§ **Directions**: What is needed is a verbatim copy of the data, minus the pictures.

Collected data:
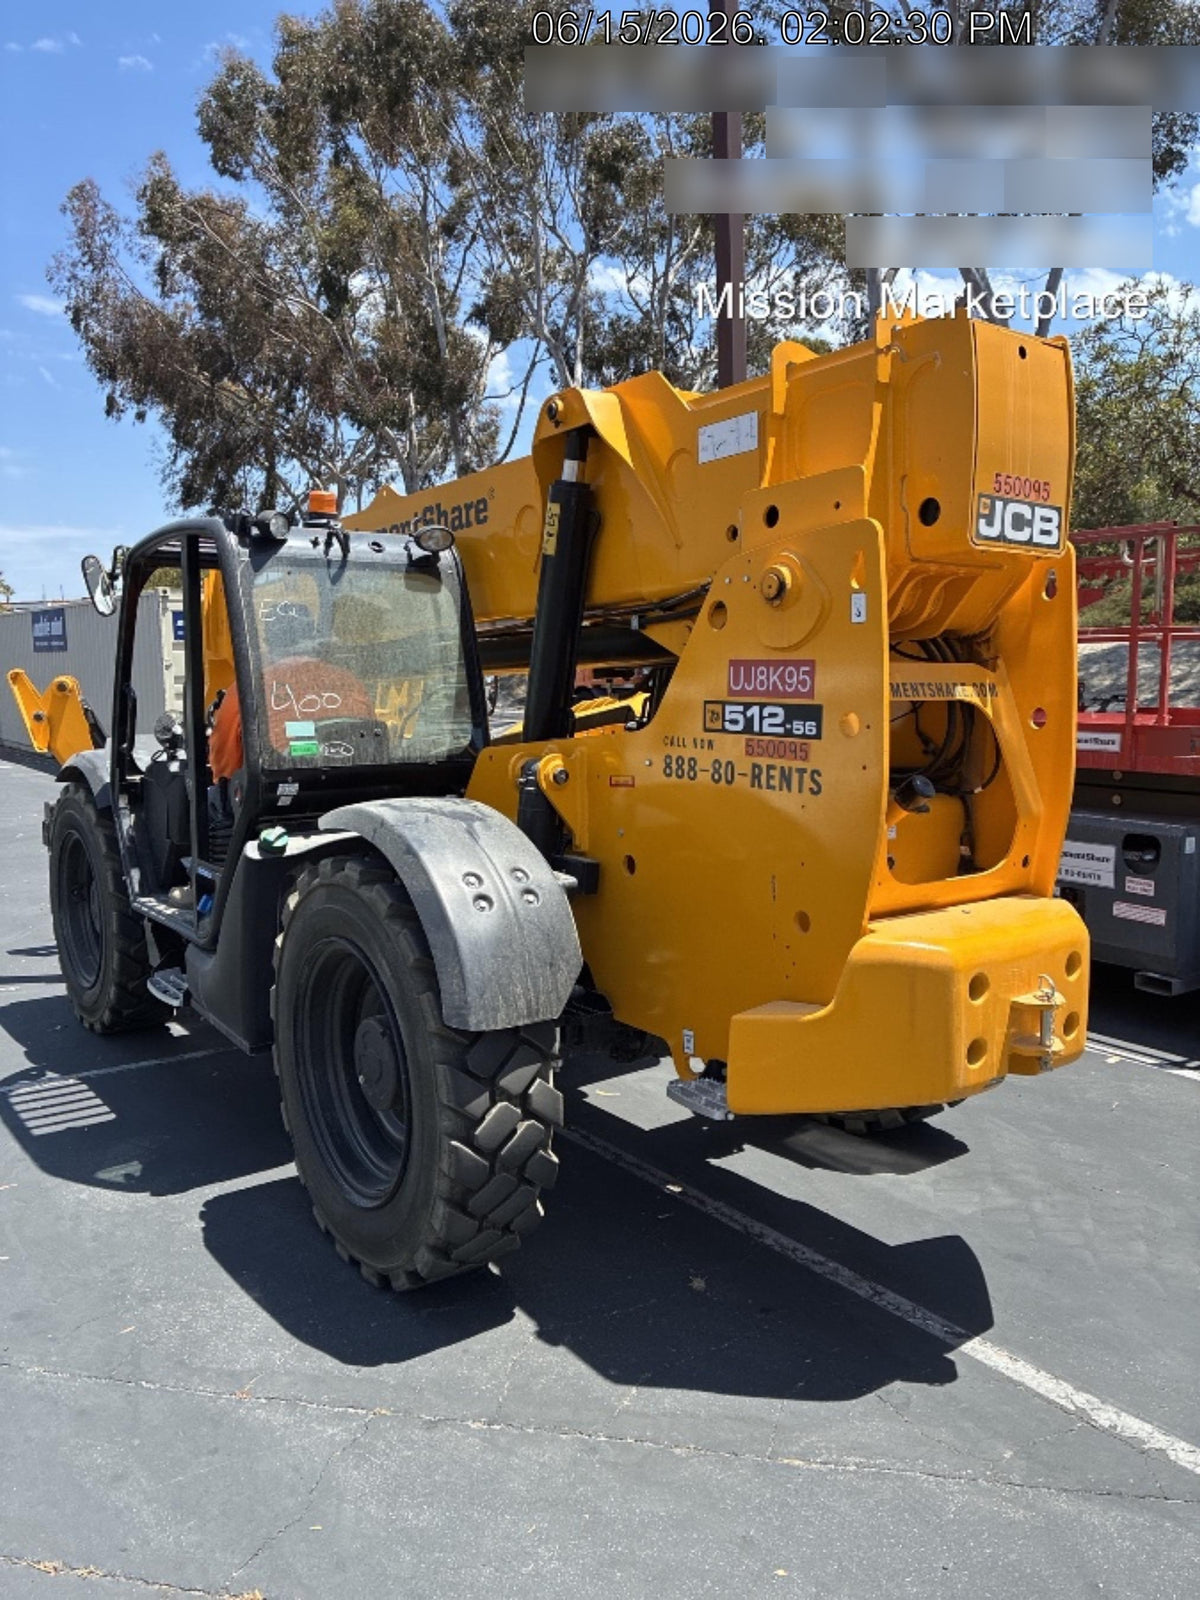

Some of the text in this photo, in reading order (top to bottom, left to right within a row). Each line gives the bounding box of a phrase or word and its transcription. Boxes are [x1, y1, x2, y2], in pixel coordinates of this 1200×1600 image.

[993, 472, 1050, 501] 550095
[978, 499, 1060, 545] JCB
[730, 666, 811, 692] UJ8K95
[723, 704, 818, 736] 512-56
[663, 736, 715, 751] CALL NOW
[663, 755, 823, 796] 888-80-RENTS

§ **Reply to the task**:
Some of the text in this photo, in reading order (top to bottom, left to right within a row). Each line gives the bounding box of a phrase or word and its transcription. Boxes are [x1, y1, x2, y2], in pixel coordinates of this 1200×1600 image.

[993, 472, 1050, 501] 550095
[978, 499, 1060, 545] JCB
[730, 666, 811, 692] UJ8K95
[723, 704, 818, 736] 512-56
[663, 736, 715, 751] CALL NOW
[663, 755, 823, 796] 888-80-RENTS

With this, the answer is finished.